What do the common cold, the flu, herpes and AIDS have in common? Viruses cause them. There's more. Hepatitis, polio, RSV, Ebola, foot-and-mouth disease, coxsackievirus, Kaposi's sarcoma, some encephalitis and HPV don't even complete the list of viral infections known to humans. Following the dawn of antibiotics, antivirals were developed and launched onto the pharmaceutical scene. As researchers discover more about the physical makeup of the virus, new approaches to disable the virus arise.
Virus Features
Bacterium proved their vital existence when scientists found they lived and grew outside of a host. Not so with viruses. Outside of a host, viruses show no sign of life. They have no metabolism, which orchestrates body function. They do not grow. Viruses depend entirely on a host in order to replicate. According to Scientific-American.com, viruses do not fit the definition of life yet they have become a real presence in humans. Replication, also called infection, becomes possible by their physical design. A fragmented bit of RNA or DNA makes up their core structure. Then, a protein sheath envelopes them from the outside. They exist for one reason only -- to replicate and grow in number.
Virus Behavior
It does not matter that viruses border between life and chemistry, they still have a way of latching on to other living things. CBC News in Canada explains how this happens. They enter the body either by going through the cell membrane or else they sit on the membrane and inject their genetic material through it and into the cell. Once infected, the cell's chemical machinery responds to the genetic information of the virus and begins making parts for creating new viruses. As the new virus bodies fill the cell, they break open the membrane, killing the cell and move on to invading other cells.
Antiviral Strategies
Once scientists understood what the virus was, they scrambled to study ways to stop its spread.
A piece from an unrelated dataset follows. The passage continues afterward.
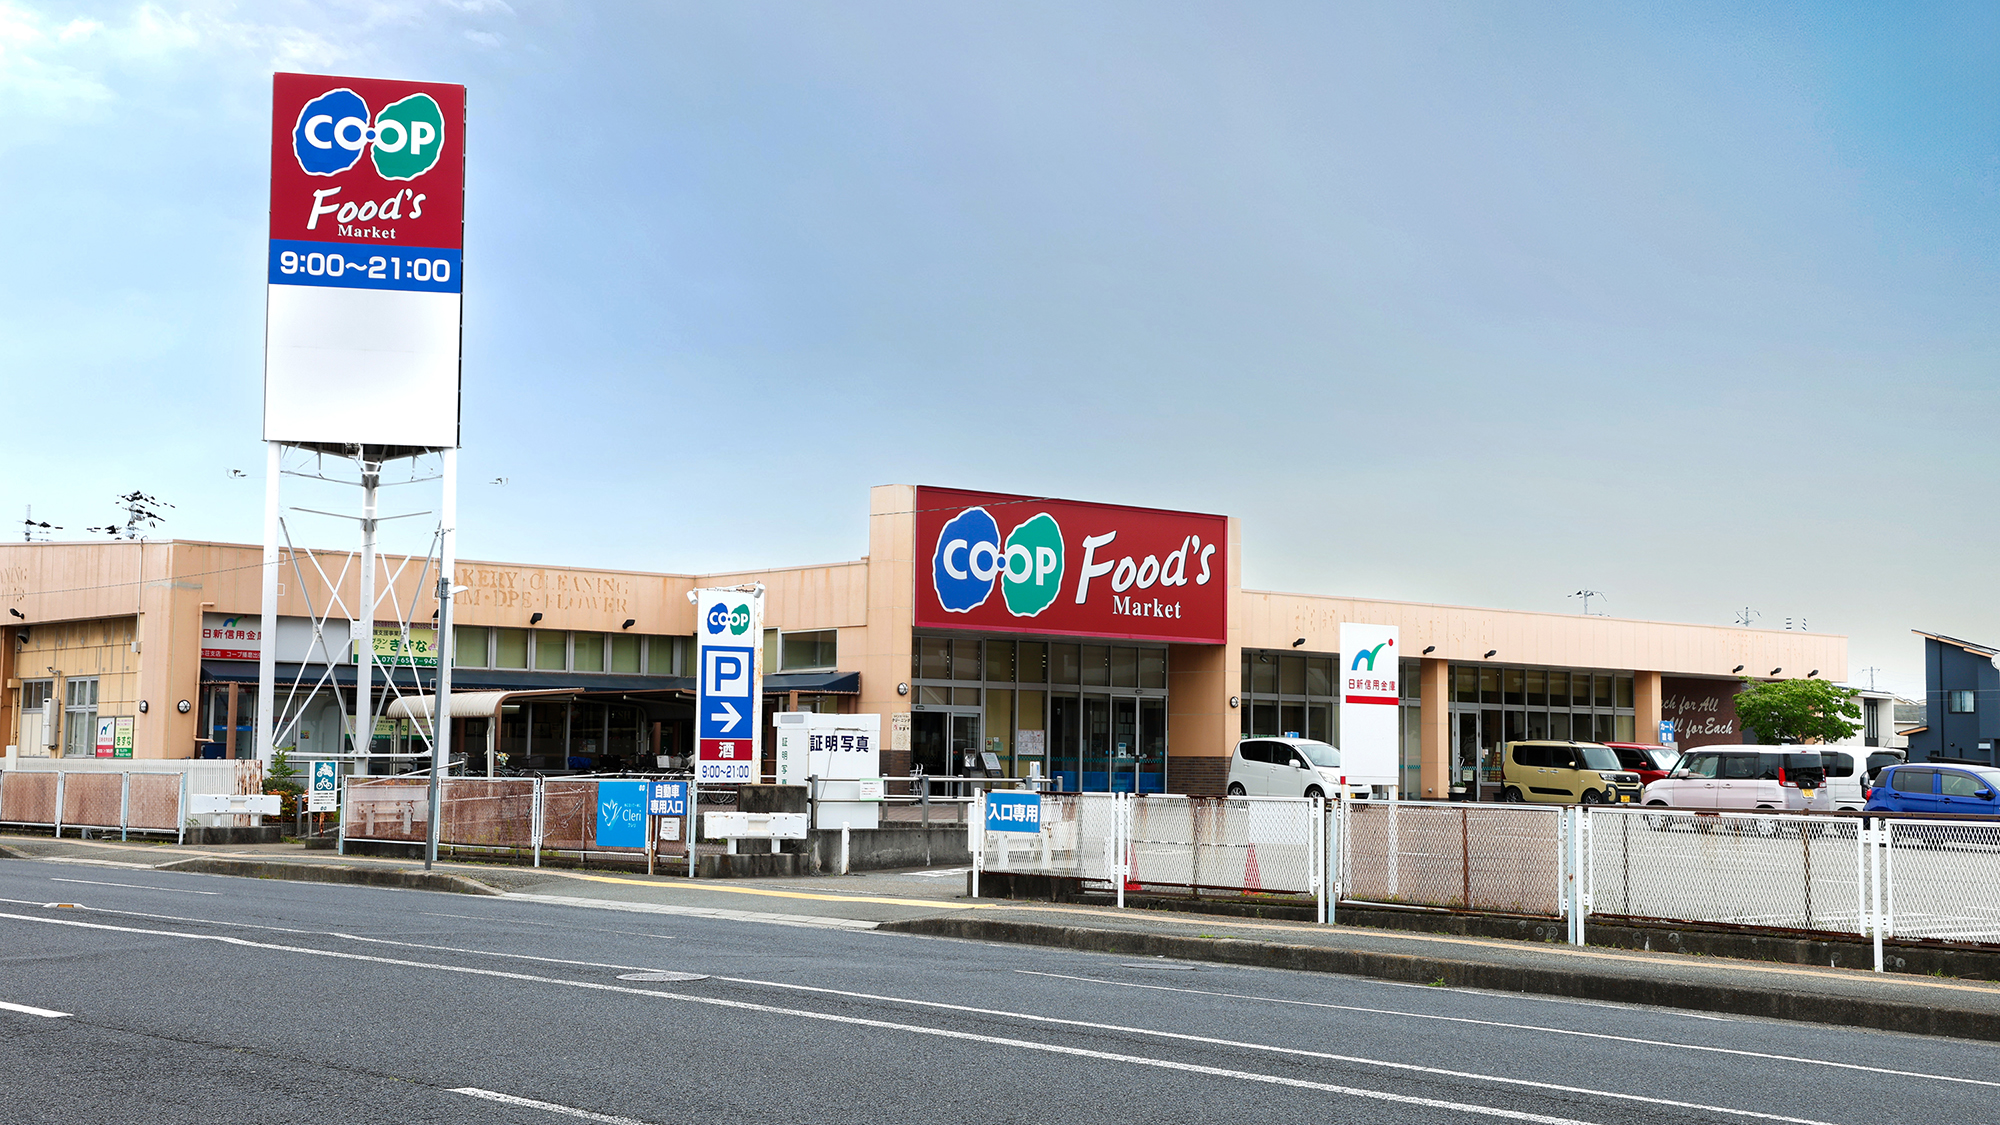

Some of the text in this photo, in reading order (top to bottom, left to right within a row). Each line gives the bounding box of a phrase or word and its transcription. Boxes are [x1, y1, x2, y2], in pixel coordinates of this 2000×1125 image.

According to Science Media Center.org, 2009, antivirals work on the flu virus by disabling the "N" protein molecule on the surface of the virus. At the top of the molecule the antiviral deposits a pocket of itself. Specifically, Relenza and Tamiflu work this way. "H" and "N" proteins on the top of the virus help it make its way into human cells. The "H" protein enables passageway and the "N" enables the new viruses to exit the cell's membrane and enter other cells. By tampering with the "N" protein, the medicine prevents the virus from spreading. Other influenza antivirals work by blocking molecular sites meant for viral use or by uncoating the viral sheath.
Genetic Manipulation
Acyclovir and gancyclovir treat the cytomegalovirus, CMV, an eye infection seen in AIDs patients. They accomplish by replicating the virus's genome or genetic data. Microbiology Bytes.com, 2010, explains that viruses have evolved to where their genome has specificity. This gives scientists a target for which to develop antiviral medicines. Genome replication works better in viruses than gene expression does, because viruses badly need the cell's machinery for its replication process.
Research
So far, other mechanisms remain in the testing stage. The journal "Pharmaceuticals" reported a 2010 study conducted by the School of Public Health, University of California at Berkeley. The details, though complicated and thorough, all link to their work with CPPs, cell-penetrating peptides. CPPs, the key to access into the virus, couple with other agents to gain access to the virus's genetic material. In a sense, CPP gains access for the agent and then the agent plays the role of the assassin. Some viruses have evolved to where current medications can't extinguish them. Science continues to seek new ways to "outsmart" them but have to proceed with caution. Microbiology Bytes.com put it succinctly when it wrote, "Any stage of virus replication can be a target for a drug, but the drug must be more toxic to the virus than to the host."